- **Data to examine**:
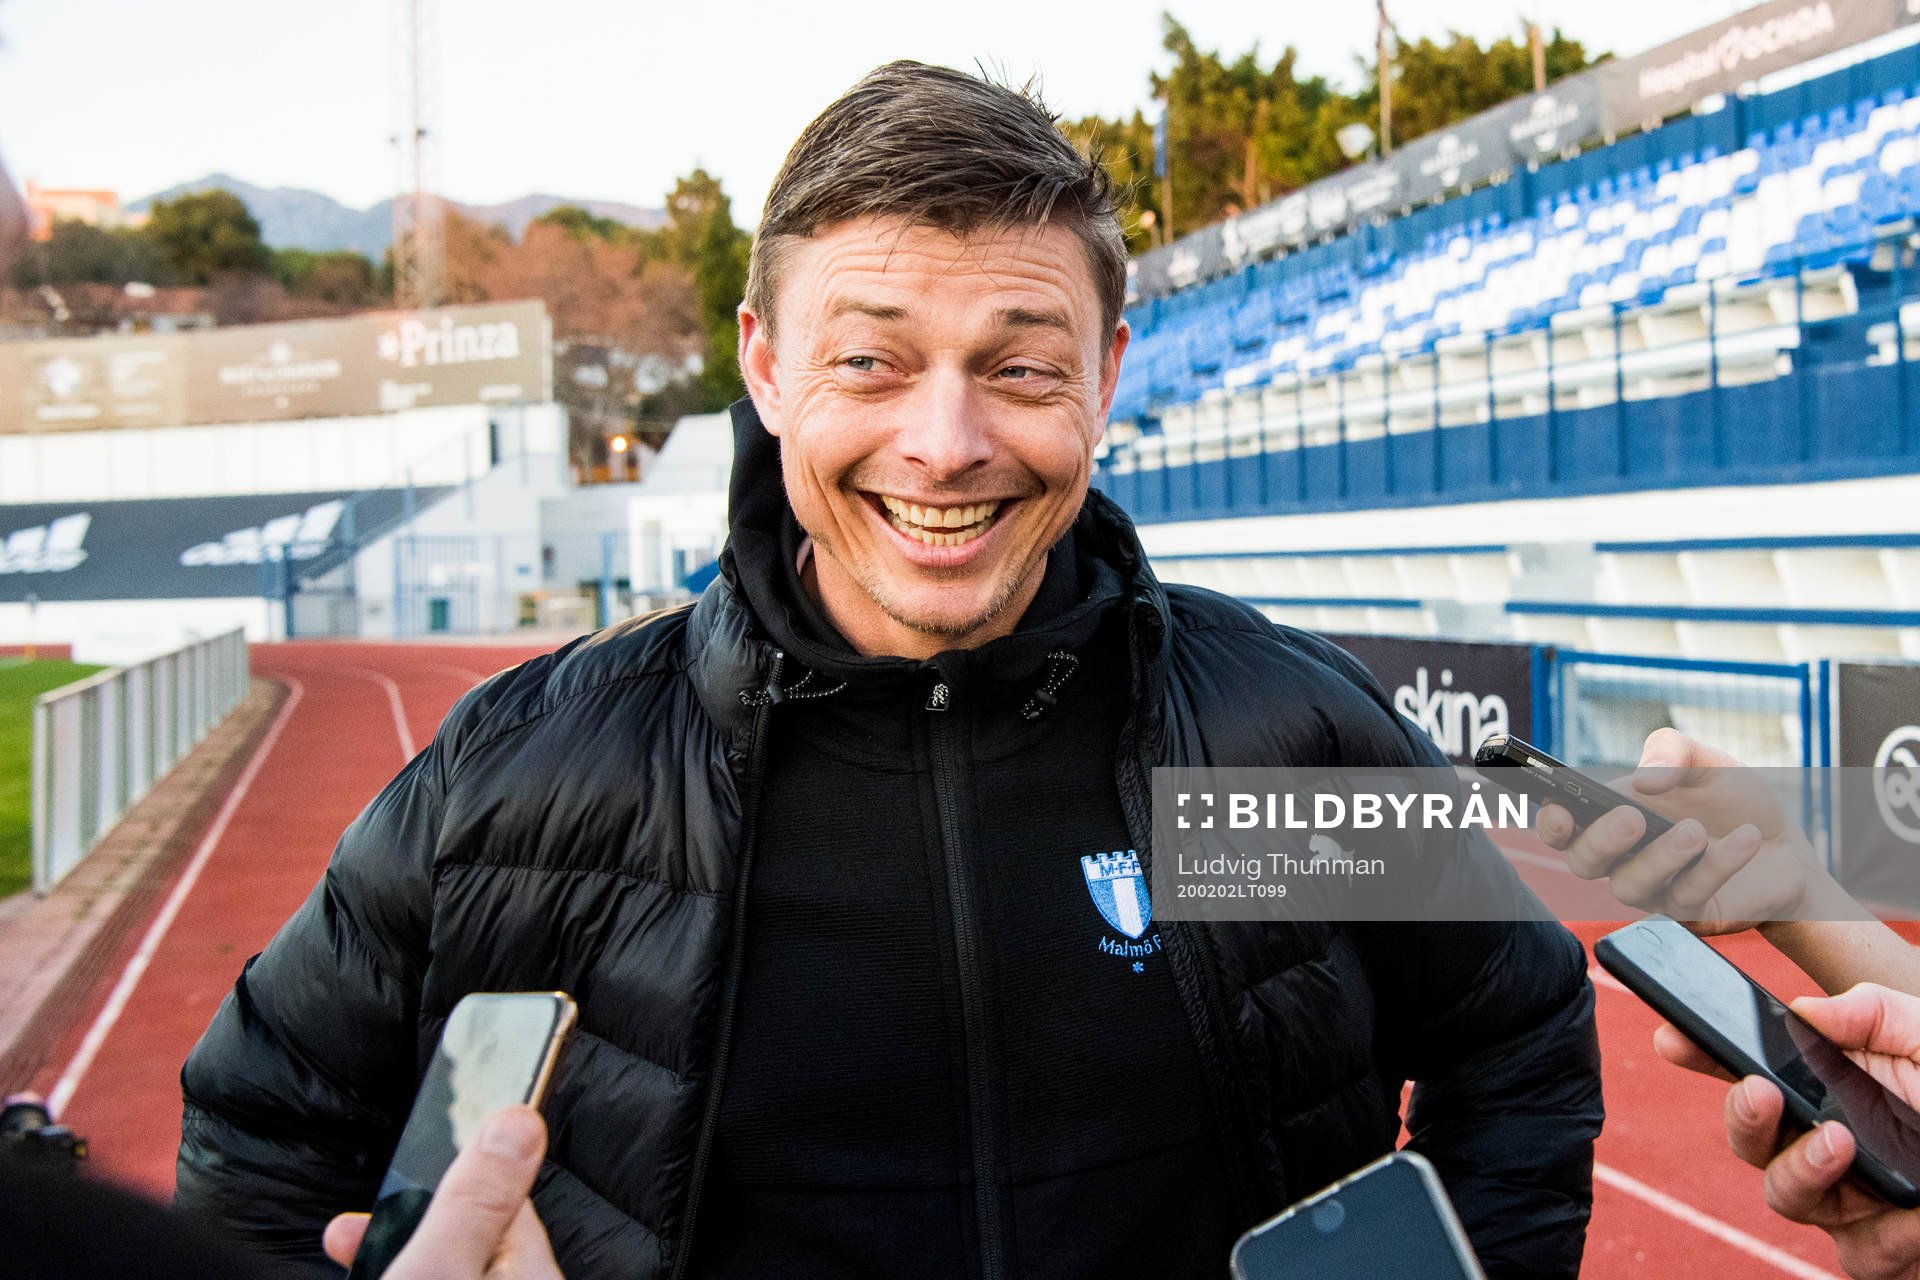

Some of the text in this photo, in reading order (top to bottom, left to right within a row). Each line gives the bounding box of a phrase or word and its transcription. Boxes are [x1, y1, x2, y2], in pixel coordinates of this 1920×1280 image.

[400, 316, 519, 367] Prinza
[1394, 666, 1508, 761] skina
[1098, 935, 1153, 957] Malmö
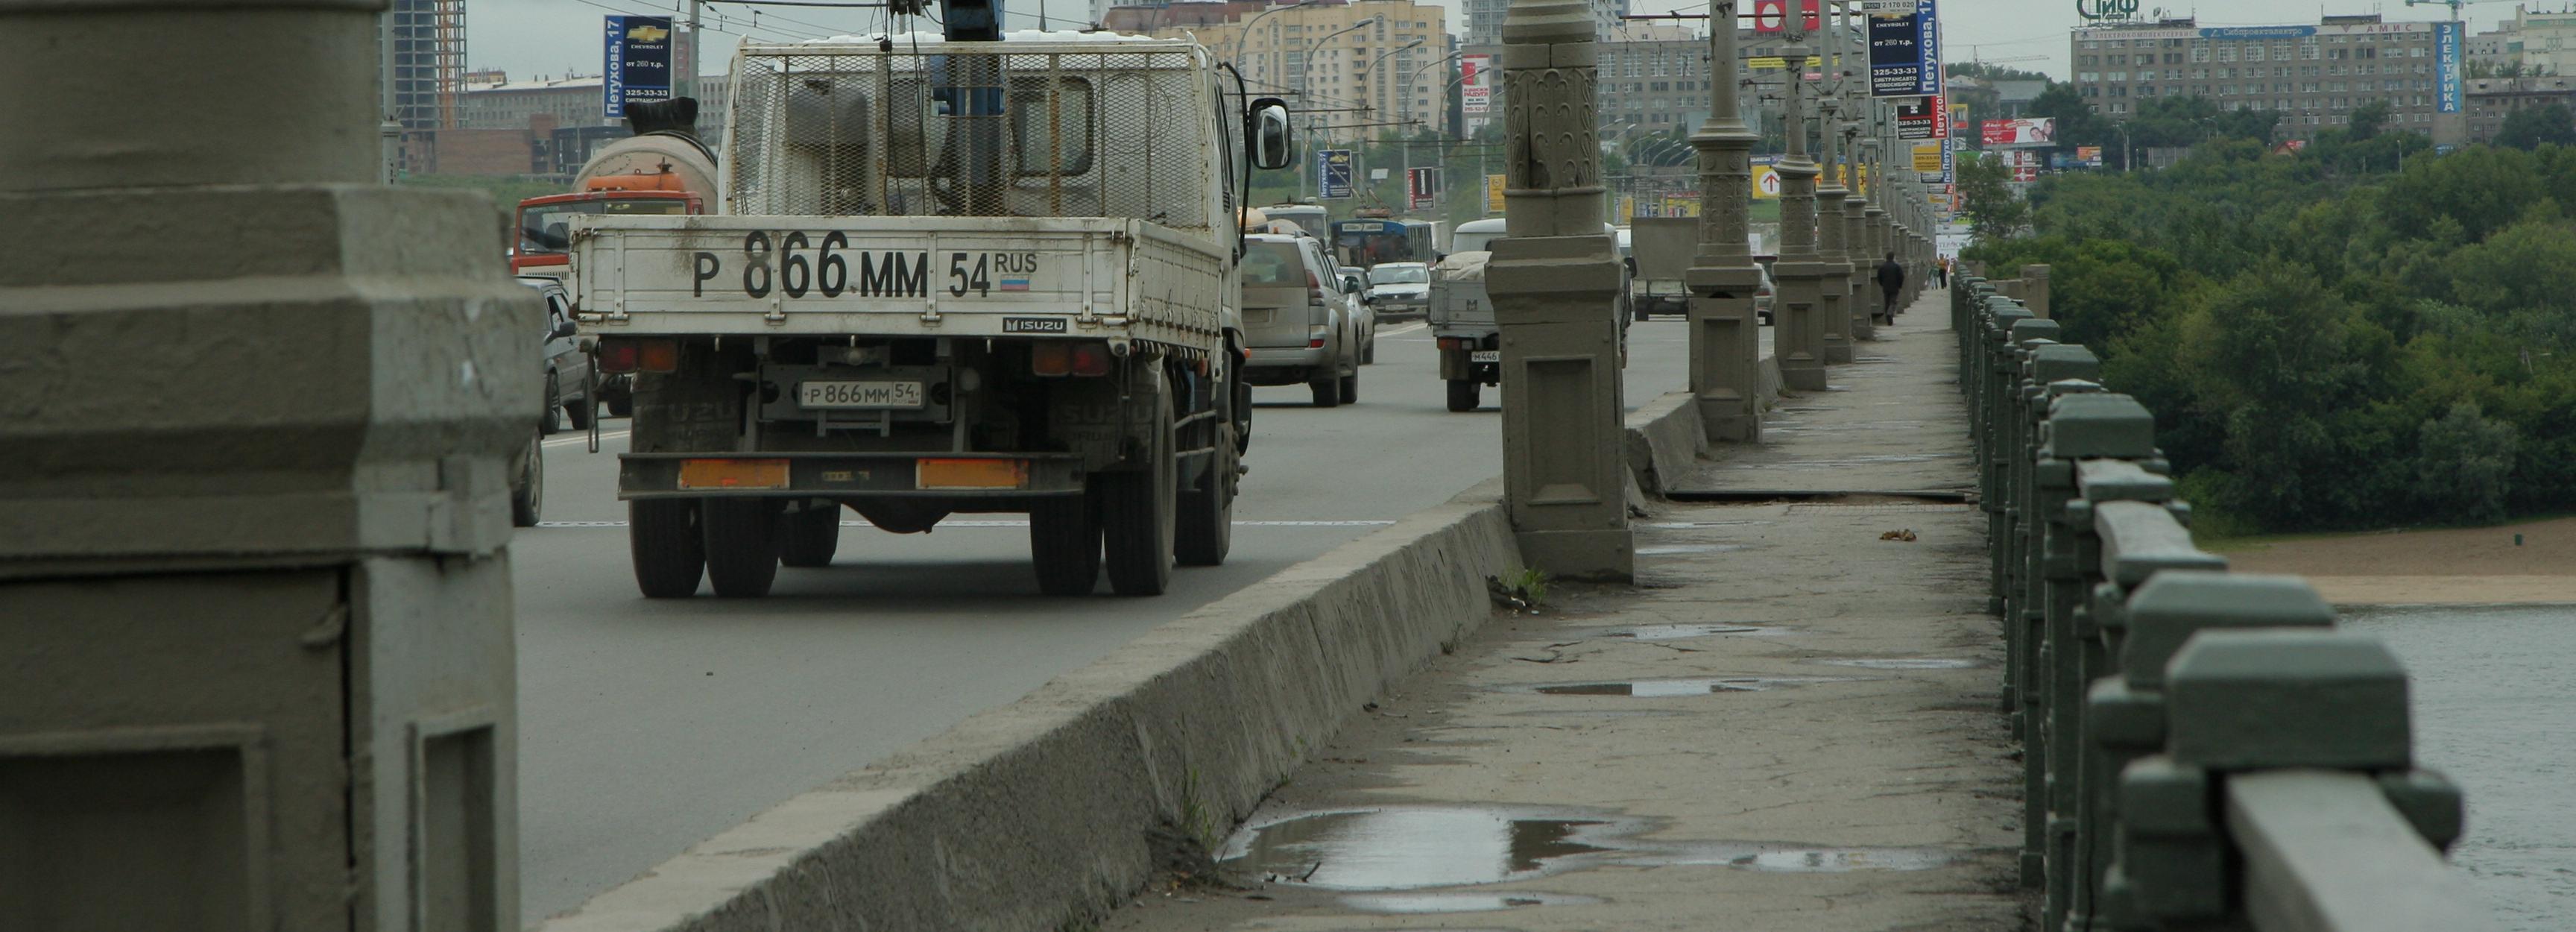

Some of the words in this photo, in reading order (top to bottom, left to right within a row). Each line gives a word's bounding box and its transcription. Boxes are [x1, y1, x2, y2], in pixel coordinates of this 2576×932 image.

[607, 20, 619, 37] 17
[2367, 25, 2412, 33] АМИС
[1923, 17, 1936, 92] Петухова,
[2442, 25, 2455, 111] ЭЛЕКТРИКА
[607, 40, 622, 114] Петухова,
[1936, 97, 1946, 136] Петухо
[950, 253, 991, 298] 54
[995, 253, 1038, 274] RUS
[1020, 321, 1064, 331] ISUZU
[895, 384, 915, 398] 54

- **Exercise requirements**:
Copy out the data verbatim, with no pictures.

- **Your solution**:
Some of the text in this photo, in reading order (top to bottom, left to right within a row). Each line gives the bounding box of a phrase or word and its transcription. Boxes are [x1, y1, x2, y2], in pixel coordinates of this 1920×1280 image.

[400, 316, 519, 367] Prinza
[1394, 666, 1508, 761] skina
[1098, 935, 1153, 957] Malmö

Some of the words in this photo, in reading order (top to bottom, left to right within a row). Each line gives a word's bounding box and its transcription. Boxes are [x1, y1, x2, y2], in pixel coordinates of this 2576×932 image.

[607, 20, 619, 37] 17
[2367, 25, 2412, 33] АМИС
[1923, 17, 1936, 92] Петухова,
[2442, 25, 2455, 111] ЭЛЕКТРИКА
[607, 40, 622, 114] Петухова,
[1936, 97, 1946, 136] Петухо
[950, 253, 991, 298] 54
[995, 253, 1038, 274] RUS
[1020, 321, 1064, 331] ISUZU
[895, 384, 915, 398] 54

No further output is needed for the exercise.